▶ WHAT TO PRODUCE
Please reproduce all the records exactly while leaving out their pictures.

Collected data:
..............................

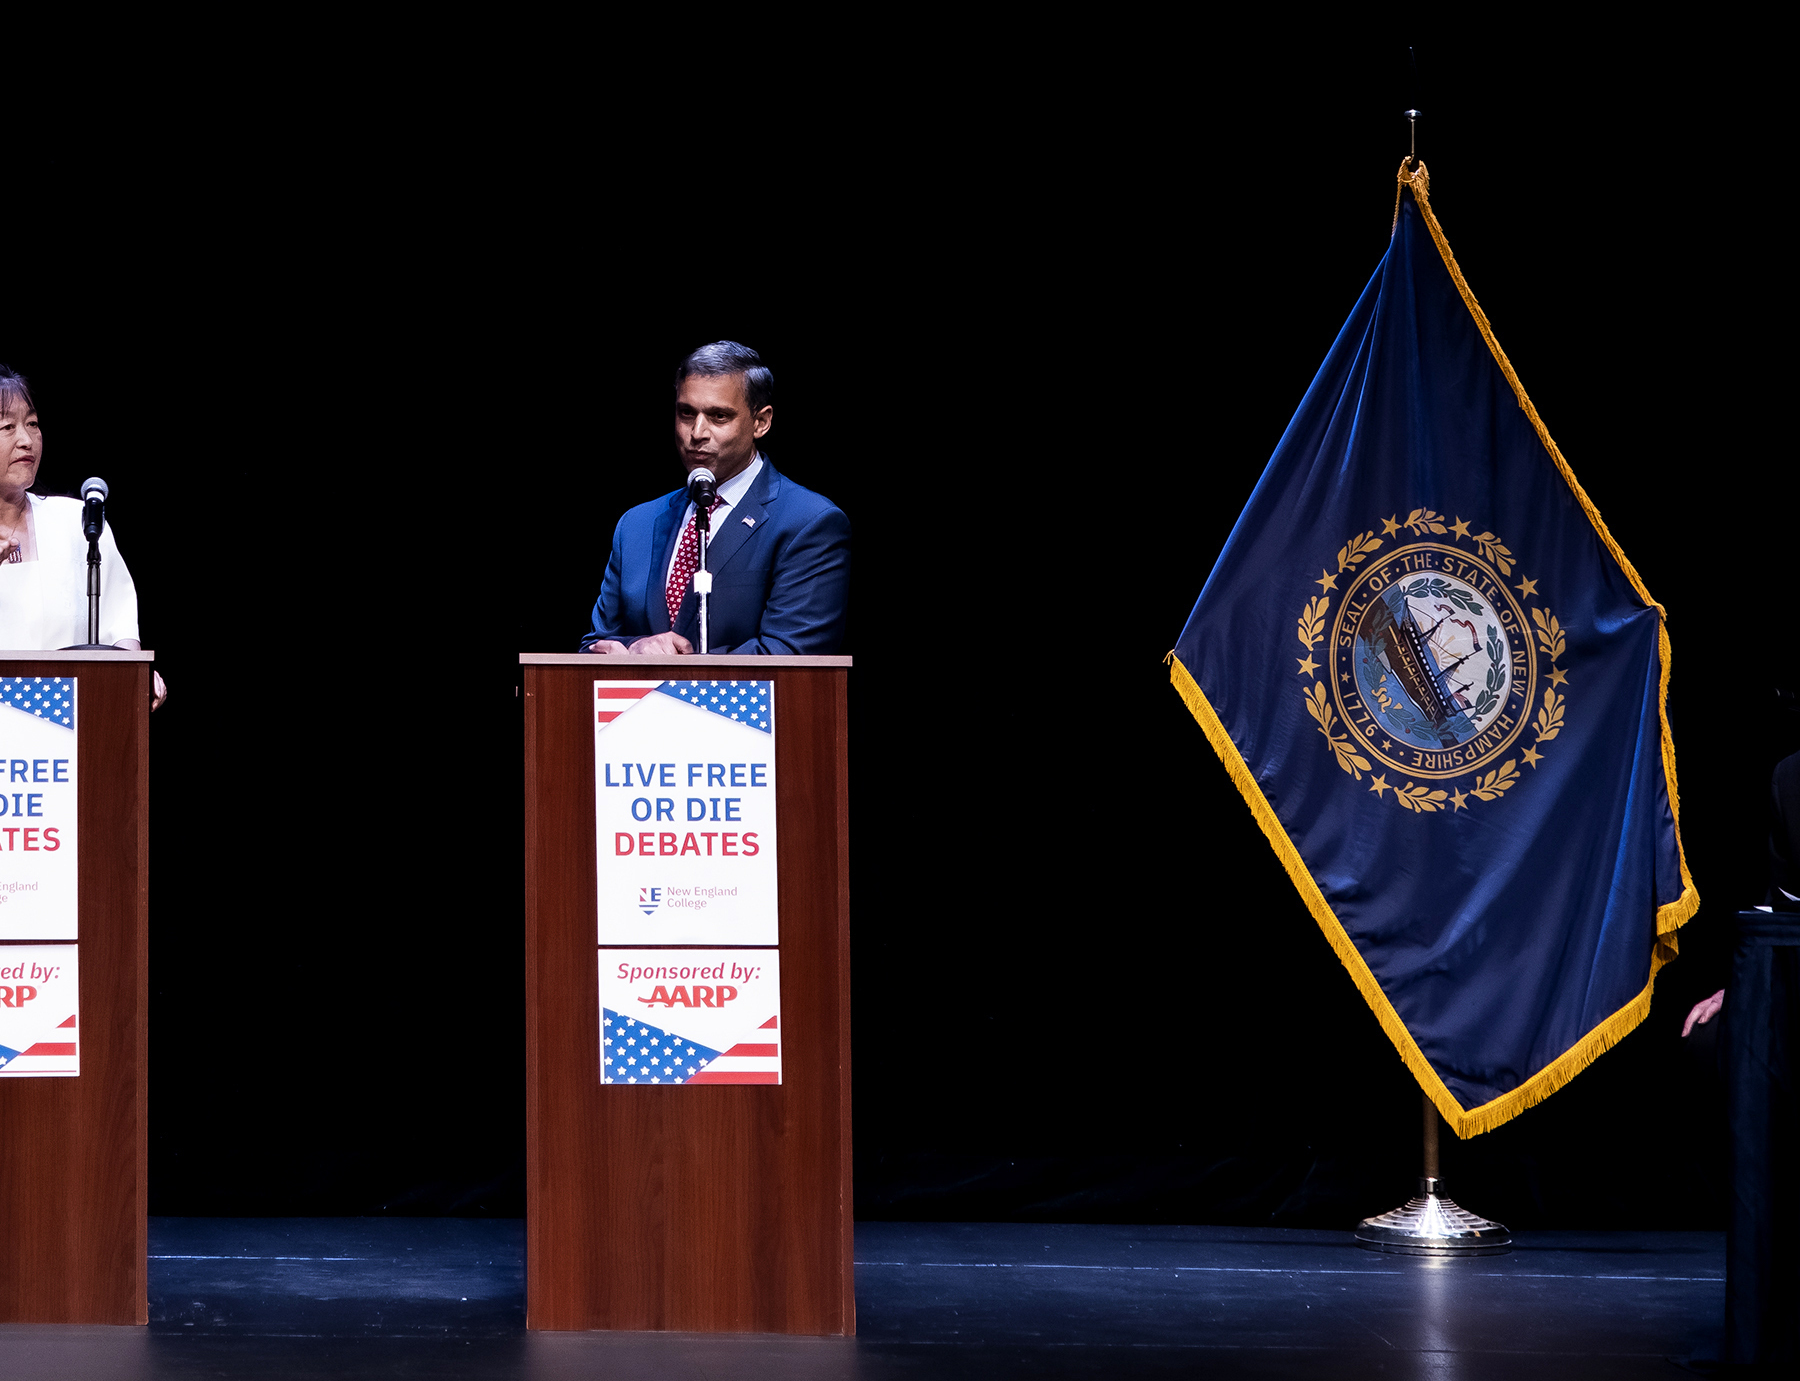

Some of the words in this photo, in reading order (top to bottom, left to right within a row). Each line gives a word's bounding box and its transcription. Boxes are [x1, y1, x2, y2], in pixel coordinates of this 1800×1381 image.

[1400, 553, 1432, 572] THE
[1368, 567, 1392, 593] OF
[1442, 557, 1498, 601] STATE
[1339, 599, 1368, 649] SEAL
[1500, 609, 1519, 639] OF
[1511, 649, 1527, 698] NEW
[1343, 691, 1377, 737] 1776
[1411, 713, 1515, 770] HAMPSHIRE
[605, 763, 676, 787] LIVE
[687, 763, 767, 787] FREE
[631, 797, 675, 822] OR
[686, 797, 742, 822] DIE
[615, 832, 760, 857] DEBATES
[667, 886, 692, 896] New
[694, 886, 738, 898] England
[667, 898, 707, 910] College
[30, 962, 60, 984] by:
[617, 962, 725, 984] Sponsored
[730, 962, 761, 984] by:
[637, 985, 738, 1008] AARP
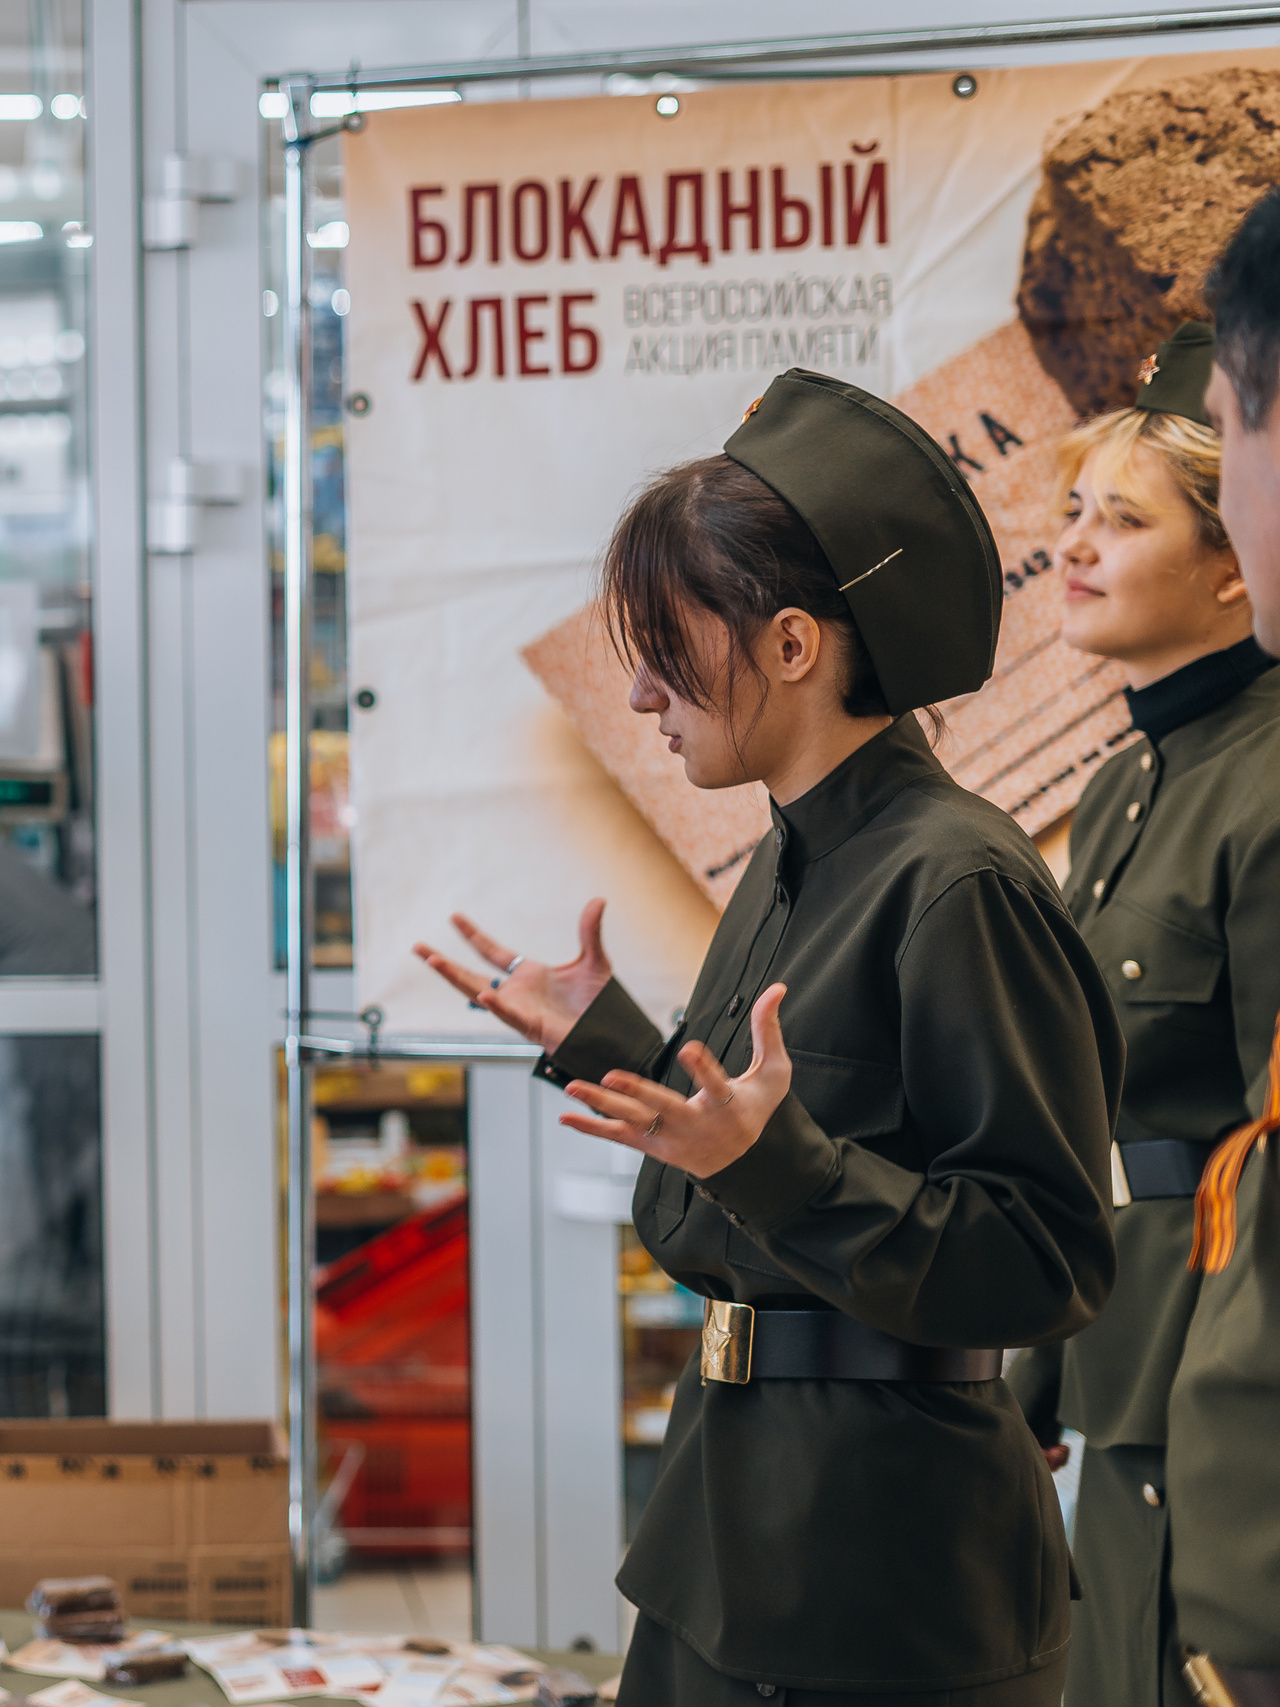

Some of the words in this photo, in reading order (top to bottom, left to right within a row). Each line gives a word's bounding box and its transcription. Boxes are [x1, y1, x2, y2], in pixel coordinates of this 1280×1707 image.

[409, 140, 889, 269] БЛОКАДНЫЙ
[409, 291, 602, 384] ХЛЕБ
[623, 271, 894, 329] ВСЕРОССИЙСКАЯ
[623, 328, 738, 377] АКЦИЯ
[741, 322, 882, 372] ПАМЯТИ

..............................

▶ SOLUTION
Some of the words in this photo, in reading order (top to bottom, left to right within a row). Each line gives a word's bounding box and its transcription. Boxes are [x1, y1, x2, y2], in pixel coordinates of this 1800×1381 image.

[1400, 553, 1432, 572] THE
[1368, 567, 1392, 593] OF
[1442, 557, 1498, 601] STATE
[1339, 599, 1368, 649] SEAL
[1500, 609, 1519, 639] OF
[1511, 649, 1527, 698] NEW
[1343, 691, 1377, 737] 1776
[1411, 713, 1515, 770] HAMPSHIRE
[605, 763, 676, 787] LIVE
[687, 763, 767, 787] FREE
[631, 797, 675, 822] OR
[686, 797, 742, 822] DIE
[615, 832, 760, 857] DEBATES
[667, 886, 692, 896] New
[694, 886, 738, 898] England
[667, 898, 707, 910] College
[30, 962, 60, 984] by:
[617, 962, 725, 984] Sponsored
[730, 962, 761, 984] by:
[637, 985, 738, 1008] AARP

Some of the words in this photo, in reading order (top to bottom, left to right within a row). Each line gives a word's bounding box and its transcription. Boxes are [x1, y1, x2, y2], in pixel coordinates of this 1280×1707 image.

[409, 140, 889, 269] БЛОКАДНЫЙ
[409, 291, 602, 384] ХЛЕБ
[623, 271, 894, 329] ВСЕРОССИЙСКАЯ
[623, 328, 738, 377] АКЦИЯ
[741, 322, 882, 372] ПАМЯТИ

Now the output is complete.